CMS UPDATE: The NQF contract with the Centers for Medicare & Medicaid Services (CMS) for CQMC Program support ended on March 26, 2023. NQF is working with CMS and America’s Health Insurance Plans (AHIP) to transition the CMS-funded portions of CQMC work to the successor contractor, Battelle, over the coming months. NQF will continue a subset of CQMC work supported by AHIP and the CQMC membership. For CQMC inquiries, please contact both Erin O’Rourke at firstname.lastname@example.org and Battelle at email@example.com.
The Core Quality Measures Collaborative (CQMC) is a broad-based coalition of healthcare leaders working to facilitate cross-payer measure alignment through the development of core sets of measures to assess the quality of healthcare in the United States. Founded in 2015, the CQMC is a public-private partnership between America’s Health Insurance Plans (AHIP) and the Centers for Medicare & Medicaid Services (CMS) housed at the National Quality Forum (NQF). The membership is comprised of over 70 member organizations health insurance providers, primary care and specialty societies, consumer and employer groups, and other quality collaboratives. CQMC is a membership driven and funded effort with additional funding provided by CMS and AHIP. The CQMC is currently convened by the National Quality Forum (NQF) in its role as the consensus-based entity.
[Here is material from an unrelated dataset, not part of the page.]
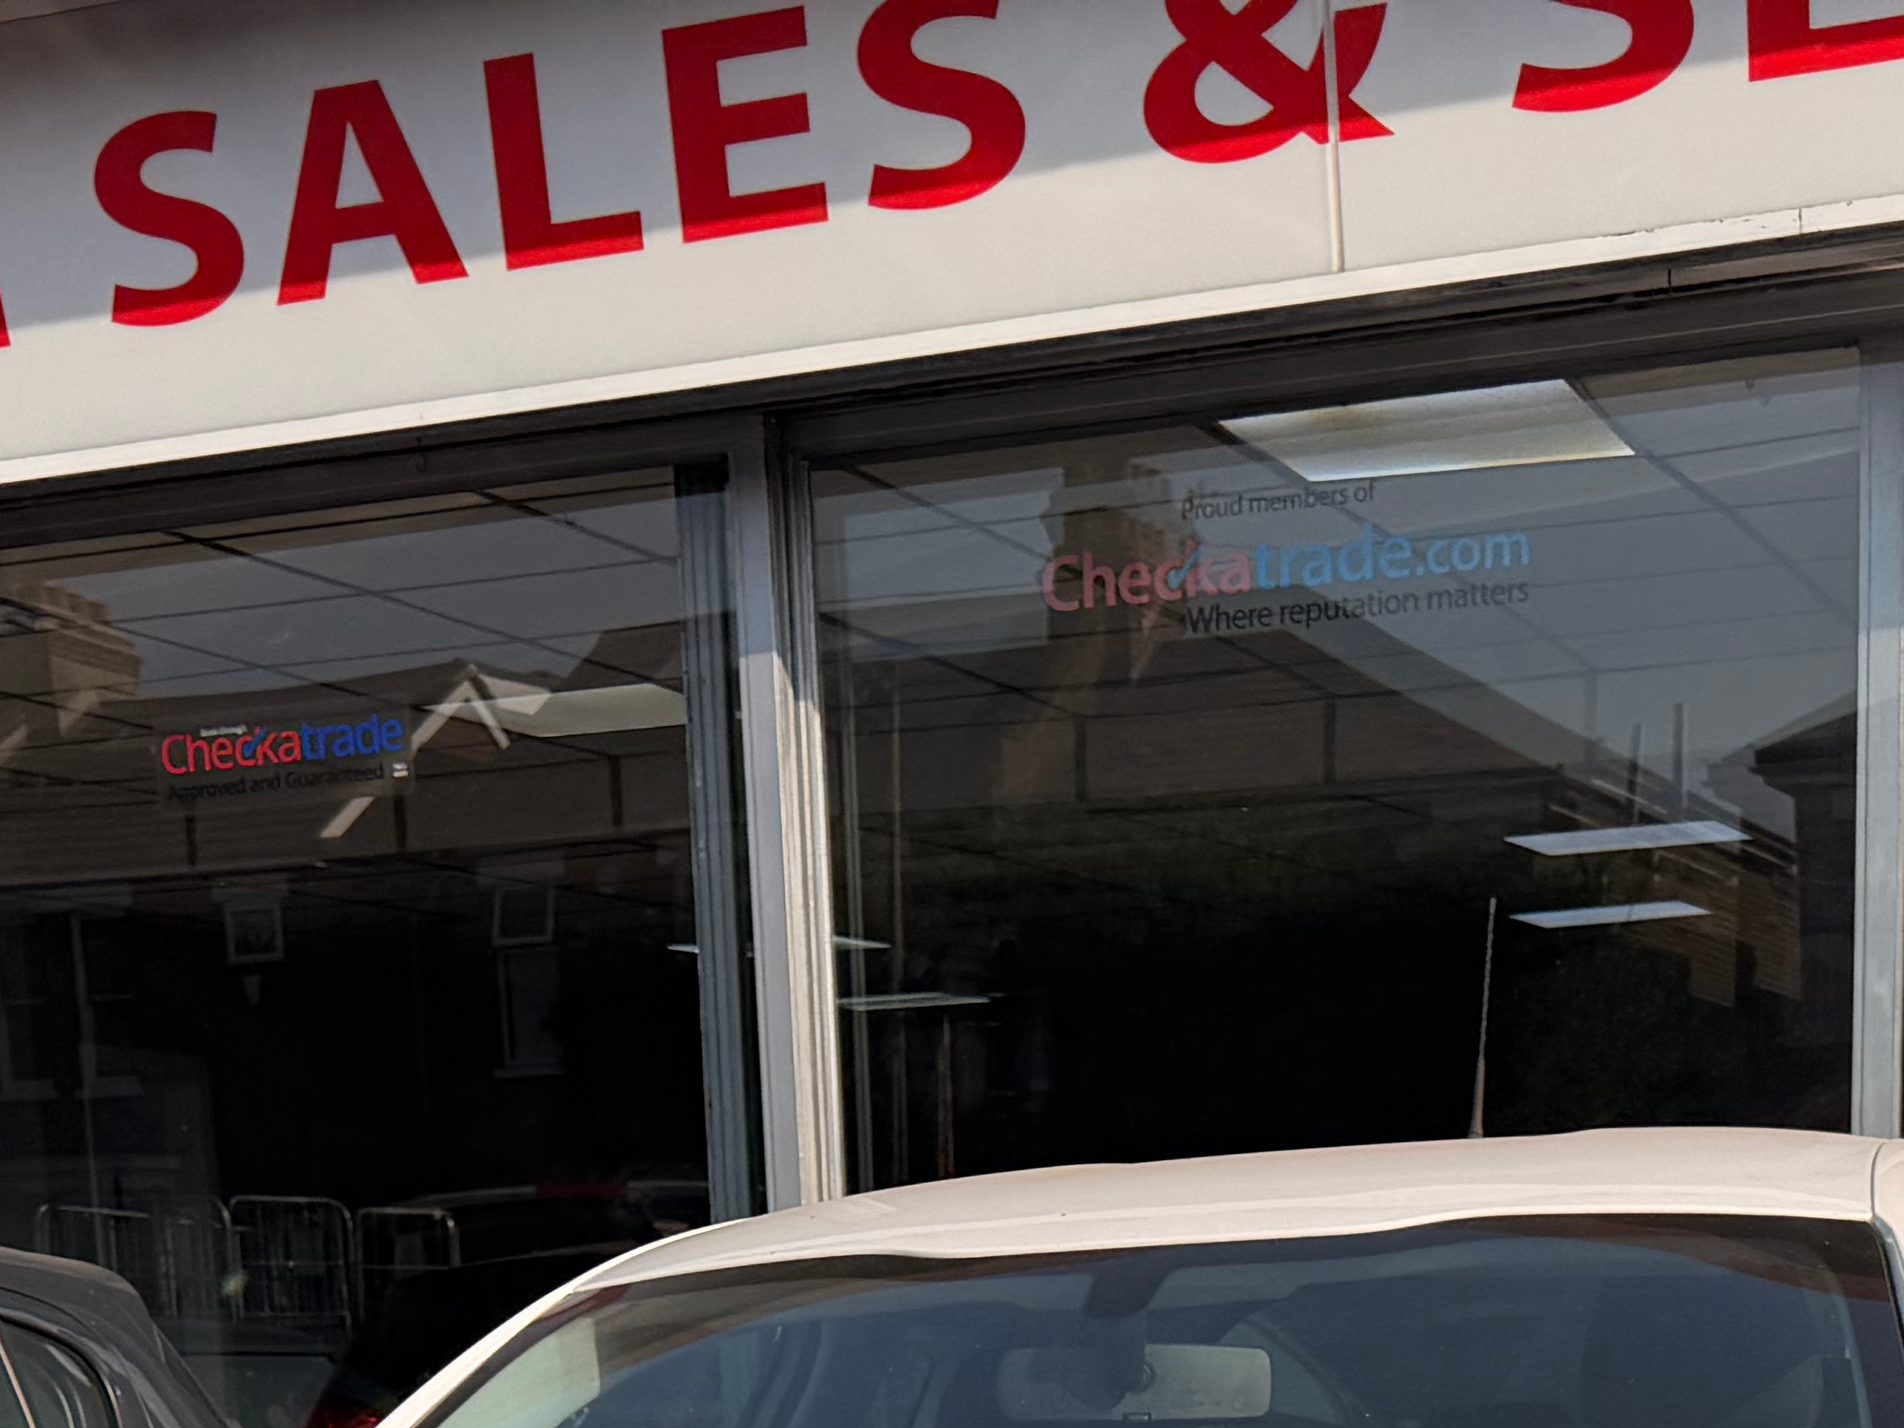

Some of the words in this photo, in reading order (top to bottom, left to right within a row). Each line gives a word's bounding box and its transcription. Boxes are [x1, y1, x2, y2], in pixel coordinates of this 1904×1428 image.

The U.S. healthcare system is moving from one that pays for the volume of services to one that pays for the value of services. Value-based payment requires quality, patient experience and efficiency metrics to assess the success of alternative payment models (APMs) and their participants at delivering value.
The increased reliance on performance measures as part of these models led to a proliferation in the number of measures and a commensurate increase in burden on providers collecting the data, confusion among consumers and purchasers seeing conflicting measure results, and operational difficulties among payers. Thus, the CQMC aims to:
- Identify high-value, high-impact, evidence-based measures that promote better patient outcomes, and provide useful information for improvement, decision-making and payment.
- Align measures across public and private payers to achieve congruence in the measures being used for quality improvement, transparency, and payment purposes.
- Reduce the burden of measurement by eliminating low-value metrics, redundancies, and inconsistencies in measure specifications and quality measure reporting requirements across payers.
The CQMC seeks to continue its work through ongoing maintenance of the existing core measure sets to reflect the changing measurement landscape, including, but not limited to, changes in clinical practice guidelines, data sources, or risk adjustment. It further seeks to expand into new clinical areas not yet addressed. In addition, the CQMC seeks to identify gaps in measurement and challenges in implementation in order to advance adoption of the core sets.